Un membre du popolo minuto envoyé en ambassade auprès du pape

La vie de Cola nous est connue par une chronique écrite en dialecte de Rome entre 1357 et 1360, par un auteur anonyme romain, l’Anonimo Romano, qui fut témoin des événements des années 1327-1357. Né à Rome en 1313, fils d’un tavernier et d’une lavandière, Cola di Rienzo appartient à l’une des nombreuses familles d’artisans qui forment le popolo minuto petit peuple ») de Rome au 14e siècle, prises dans les luttes de factions menées par les grandes familles romaines.

Cola di Rienzo ?
Cola di Rienzo ? |

Bibliothèque nationale de France

Au début des années 1330, il épouse la fille d’un notaire et se met à exercer cette profession, peut-être après avoir fréquenté une école de notariat à Rome. En 1342-1344, un voyage à Avignon, en tant que membre d’une délégation envoyée auprès de Clément VI par le gouvernement populaire de Rome, montre que Cola jouit déjà d’une grande réputation d’homme savant et de brillant orateur. L’ambassade a pour objectif de restaurer la grandeur de Rome, en persuadant la papauté, qui a élu domicile à Avignon depuis 1309, de regagner la Ville Éternelle, et de libérer celle-ci de l’emprise des barons. La ville est en effet, depuis le début du 13e siècle, aux mains de quelques grandes familles féodales qui en dominent les institutions politiques, parfois de manière brutale.
Malgré l’échec de la démarche, Cola est bien accueilli par Clément VI.

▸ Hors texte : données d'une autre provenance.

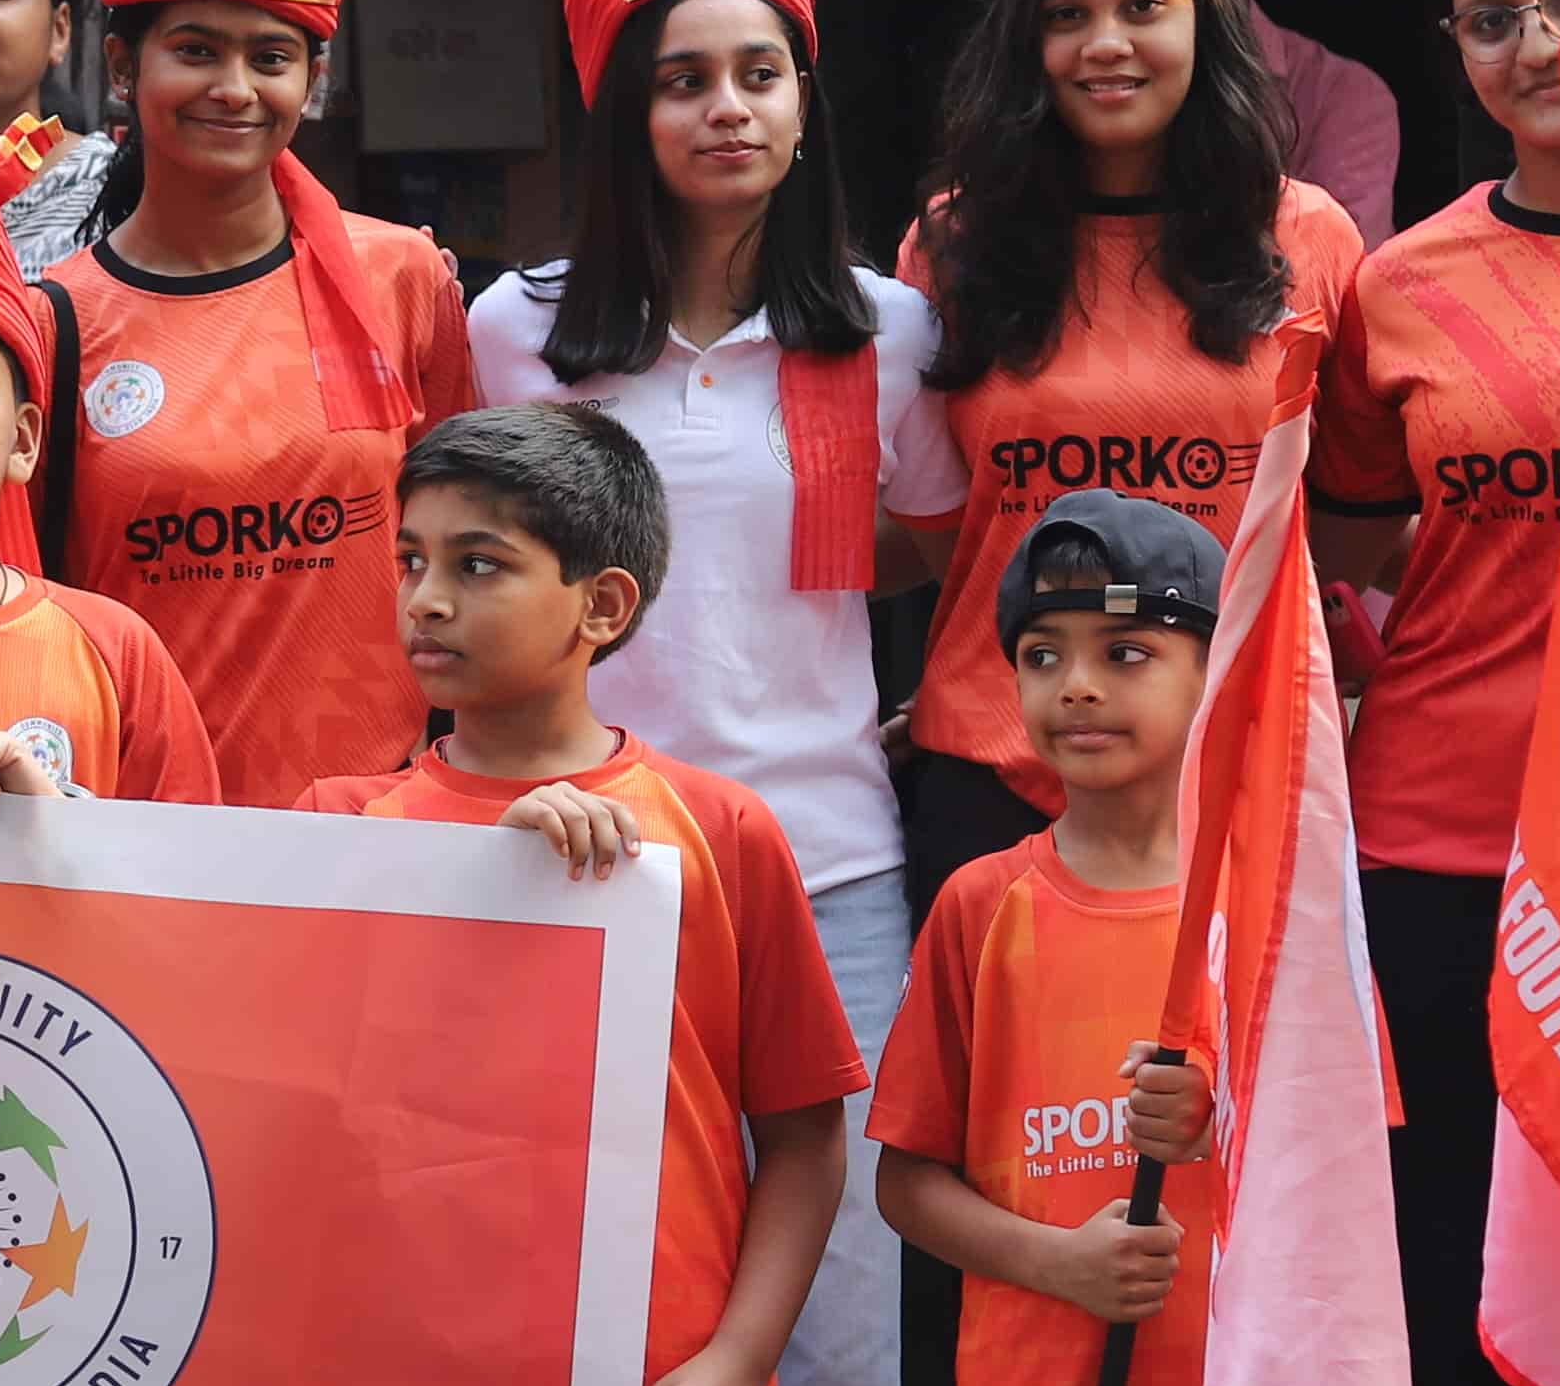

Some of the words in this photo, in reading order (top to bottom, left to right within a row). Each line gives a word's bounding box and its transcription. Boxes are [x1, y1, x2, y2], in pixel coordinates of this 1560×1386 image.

[124, 495, 346, 563] SPORKO
[169, 564, 225, 582] Little
[233, 562, 265, 583] Big
[272, 555, 336, 576] Dream
[1023, 1096, 1132, 1158] SPOR
[1058, 1153, 1106, 1175] Little
[160, 1236, 183, 1260] 17

Son discours fut si remarquable et si beau que le pape Clément fut immédiatement séduit.

Chronique de l’Anonyme romain, 1357-1360

Le pape promet l’organisation pour 1350 d’un jubilé, célébration destinée à la rémission des péchés de toute personne faisant le pèlerinage à Rome, demandée avec force par les ambassadeurs. Il confère aussi à Cola la charge de notaire de la Chambre capitoline. À Avignon, celui-ci se lie d’amitié avec Pétrarque.

La résurrection de la commune de Rome et son échec

De retour à Rome, il devient l’un des principaux acteurs de la vie politique et met au point un programme réformateur, soutenu par les « classes productives », dont le but est de soumettre les barons, de rétablir la paix dans la ville comme dans sa campagne, et de restaurer l’administration d’une justice plus rapide et plus impartiale.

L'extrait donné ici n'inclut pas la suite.